Intervista a Alessandro Silva su Temperamente

Oggi su TEMPERAMENTE intervista ad Alessandro Silva, autore di L’adatto vocabolario di ogni specie, vincitore nel 2015 di Luce a Sud Est – Concorso di scrittura sociale. L’intervista è a cura di Susanna De Candia, che ringraziamo.

Perché uno scrittore di Parma sceglie di scrivere sull’Ilva di Taranto? Ma soprattutto, perché in forma di poesia?

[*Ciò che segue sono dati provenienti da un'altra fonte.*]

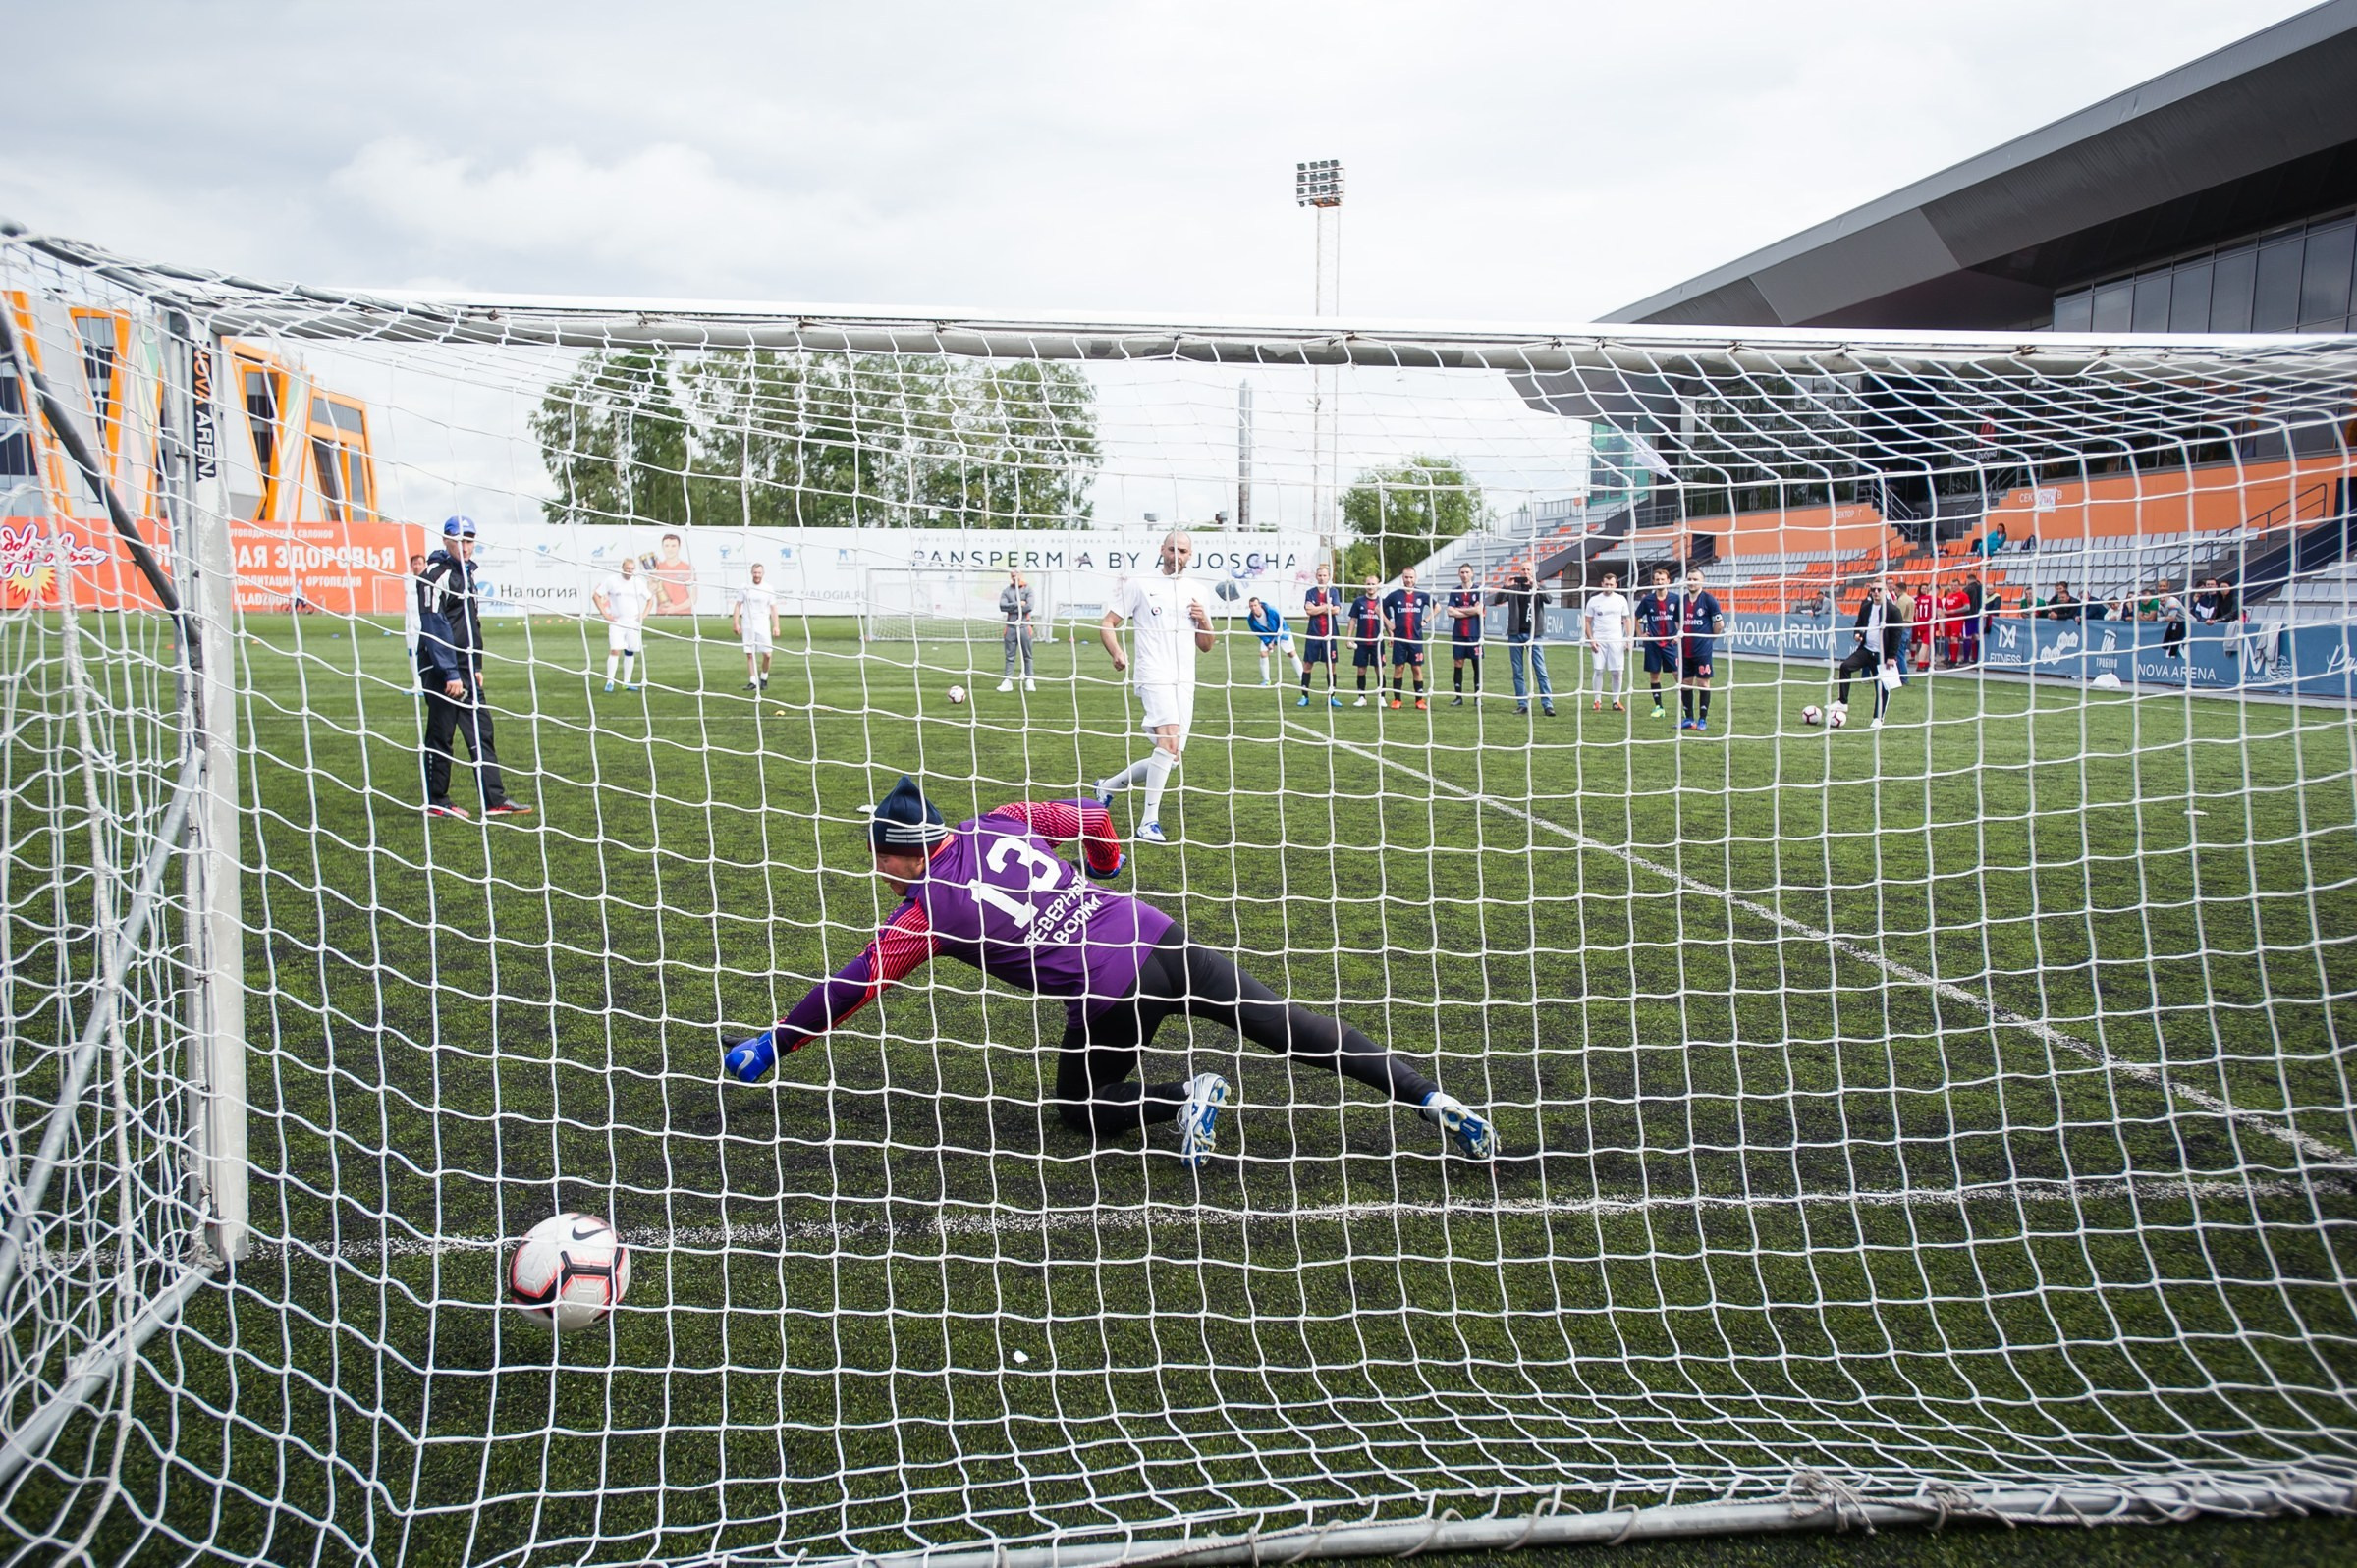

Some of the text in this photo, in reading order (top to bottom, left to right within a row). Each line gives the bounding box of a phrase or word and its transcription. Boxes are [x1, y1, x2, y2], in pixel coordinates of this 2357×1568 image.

[274, 545, 395, 572] ЗДОРОВЬЯ
[1109, 552, 1141, 568] BY
[1155, 552, 1296, 569] AJOSCHA
[500, 583, 577, 599] Налогия
[1919, 604, 1929, 618] 11
[1989, 652, 2022, 664] FITNESS
[2138, 663, 2217, 681] NOVA ARENA
[967, 837, 1062, 929] 13

Il caso dell’Ilva, fin da quando venne reso noto da telegiornali e quotidiani, produsse in me un’inquietudine talmente profonda da restarmi come ingombro nella mente. All’epoca lavoravo come Dottorando in Biologia e Patologia molecolare all’Università di Parma e mi occupavo di ricerca in campo oncologico. La lotta degli operai, la cui vita veniva bevuta a grandi sorsi da malattie mortali (in primis proprio tumori) o dalla fatica del lavoro, aveva qualcosa di epico e dunque tragico nella sua impossibilità di rovesciare il potere alto, lasciando che esso soggiogasse le aspirazioni di questi uomini e la loro fede in una bellezza quotidiana inarrivabile. Tenni per me queste immagini senza lasciarle confondere al resto di affanni e sofferenze di cui si riempieva il mondo in quel periodo. Sino allo scorso anno, quando capii come poteva essere giunto l’attimo di lasciarle trapelare con la scrittura poetica. Perché la poesia è fare e trasmettere concetti in maniera potente e immediata. E con la poesia Taranto divenne per me un operaio dell’Italia. Uno dei tanti che toglie vita alla notte e dà il suo pezzo di aria al giorno.